Identifying mechanisms responsible for spatial synchrony in the dynamics of populations is the focus of much recent research (reviews in Bjørnstad, Ims & Lambin 1999; Koenig 1999; Caldow & Racey 2000). Specifically, research has focused on the contribution of climatic factors (Grenfell et al. 1998), dispersal (Kaitala & Ranta 1998; Baillie et al. 2000) and patterns of predation (Ims & Steen 1990) to patterns of synchrony, often extending over large areas (Ranta, Kaitala & Lindén 1995). The topic is of both fundamental and applied interest (Ormerod & Watkinson 2000). Indeed, the extent to which populations are synchronized impinges on the viability of fragmented populations and on the dynamics of pathogens.

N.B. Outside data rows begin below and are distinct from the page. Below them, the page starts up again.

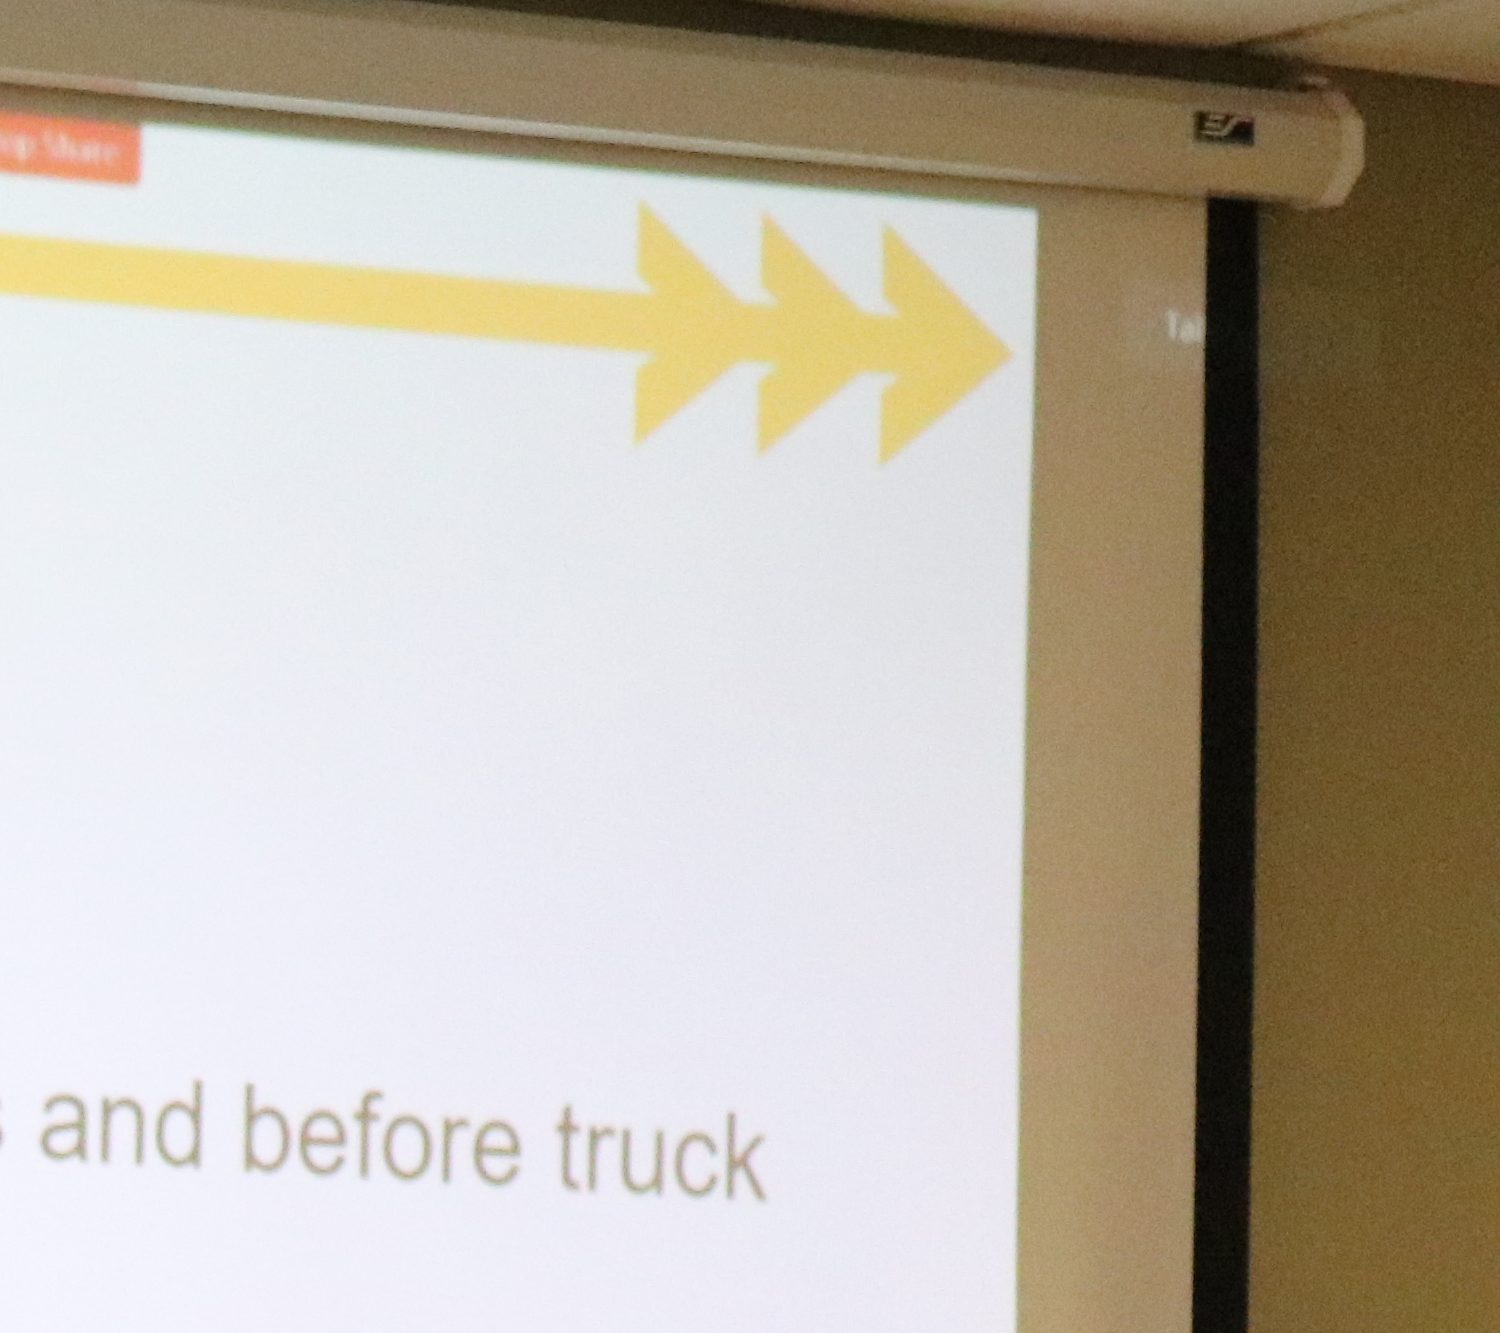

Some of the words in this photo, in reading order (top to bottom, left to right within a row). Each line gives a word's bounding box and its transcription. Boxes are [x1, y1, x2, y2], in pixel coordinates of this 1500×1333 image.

[37, 1078, 206, 1171] and
[240, 1081, 525, 1190] before
[553, 1103, 768, 1203] truck
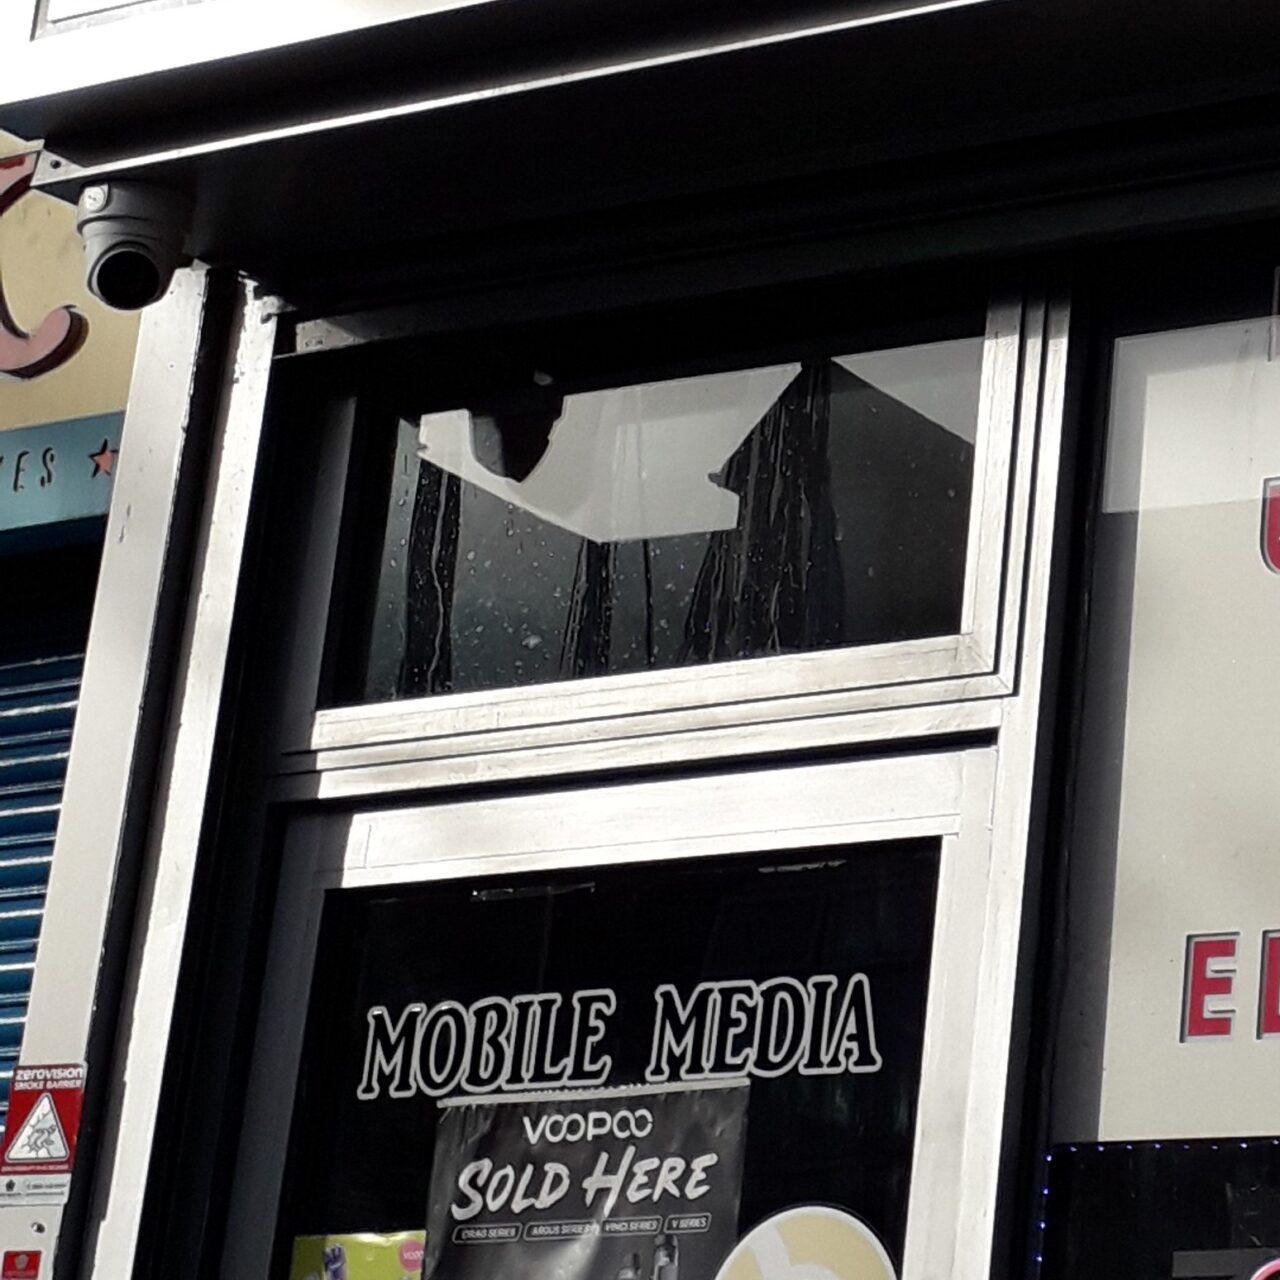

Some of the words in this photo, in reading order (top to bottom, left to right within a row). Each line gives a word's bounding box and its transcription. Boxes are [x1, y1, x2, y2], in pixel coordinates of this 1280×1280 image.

[357, 988, 616, 1100] MOBILE
[645, 973, 882, 1081] MEDIA
[522, 1108, 653, 1145] VOOPOO
[450, 1157, 570, 1220] SOLD
[582, 1145, 719, 1218] HERE

In boreal regions, the hypothesis that predation by mustelids is responsible for the periodic high amplitude fluctuations in vole abundance has gained much support (reviews in Stenseth & Ims 1993; Korpimäki & Krebs 1996; Turchin & Hanski 1997). Spatial synchrony in vole abundance may be a consequence of predation by wide-ranging raptors (the regional synchrony hypothesis; RSH; Ydenberg 1987) that can respond both functionally and numerically to increasing vole abundance without a time-lag (Galushin 1974; Korpimäki 1985; Korpimäki 1986; Ydenberg 1987; Korpimäki & Norrdahl 1991; Korpimäki 1991a,b; Steen 1995; Norrdahl & Korpimäki 1996).

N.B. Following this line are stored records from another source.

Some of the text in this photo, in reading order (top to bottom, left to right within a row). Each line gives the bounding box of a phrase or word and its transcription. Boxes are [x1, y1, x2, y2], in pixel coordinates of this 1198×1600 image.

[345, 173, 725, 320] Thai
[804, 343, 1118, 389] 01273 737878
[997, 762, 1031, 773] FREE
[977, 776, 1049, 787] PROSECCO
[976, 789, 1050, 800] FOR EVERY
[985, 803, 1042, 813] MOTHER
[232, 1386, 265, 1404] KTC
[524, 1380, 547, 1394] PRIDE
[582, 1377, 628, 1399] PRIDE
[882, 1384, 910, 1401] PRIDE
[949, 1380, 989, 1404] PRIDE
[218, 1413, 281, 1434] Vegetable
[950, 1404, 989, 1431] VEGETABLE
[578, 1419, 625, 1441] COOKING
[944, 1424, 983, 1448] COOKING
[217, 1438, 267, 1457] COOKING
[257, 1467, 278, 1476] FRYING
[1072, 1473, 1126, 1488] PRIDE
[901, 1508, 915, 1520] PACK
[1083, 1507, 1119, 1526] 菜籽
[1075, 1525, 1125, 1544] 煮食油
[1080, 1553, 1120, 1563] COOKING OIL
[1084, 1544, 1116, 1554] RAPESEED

Support for the RSH comes from both spatially explicit models of predator–prey interactions and from experimental observations. Ims & Steen (1990) used a model to show that nomadic avian predators could cause population synchrony if they killed approximately 25% of the summer prey population and responded numerically, without a time lag, to spatial variations in vole abundance. Steen (1995) recorded the mortality rates of radio-collared root voles Microtus oeconomus, in a cyclic population still at peak density after the density in neighbouring areas had declined. He found that predators accounted for 82% of the mortality, of which approximately half was due to avian predators, and concluded that predation by nomadic avian predators was sufficient to cause population synchrony. Norrdahl & Korpimäki (1996) attempted to test the RSH experimentally by removing nest sites of some avian predators in five (four in some years) 3-km2 areas, 4–15 km apart, over 4 years in western Finland. Subsequently, spatial variations in prey density were higher among predator-reduction areas than among similar-sized controls, which suggested that avian predators might contribute to spatial synchrony. Further studies demonstrating that reductions in nomadic predator density can lead to higher variation in vole densities across a landscape would provide useful collaborative evidence for the RSH, particularly if the density of nomadic predators was reduced over large areas.
In this paper we focus on the role of vole-eating raptors in synchronizing field vole Microtus agrestis L. abundance in an extensive conifer forest in northern England. Here field voles inhabit the grassy vegetation in young conifer crops and numbers fluctuate on a 3–4-year cycle (Petty 1992, 1999; Petty & Fawkes 1997; Lambin, Petty & MacKinnon, 2000), similar to those in central Fennoscandia (Hanski, Hansson & Henttonen 1991). However, vole abundance has been shown to change in a wave-like manner, with synchrony in the direction of the wave being 5–10-fold smaller than that reported in Fennoscandia (Lambin et al. 1998). We show that the most abundant nomadic vole-eating raptors have been in long-term decline, hence providing a natural experiment to investigate the role of these raptors in regulating vole synchrony. If these species are able to synchronize vole abundance over extensive areas, the RSH predicts that the decline should be associated with a decrease in spatial synchrony in vole abundance. We also investigated the ability of a sedentary vole-eating raptor to synchronize vole abundance over smaller areas.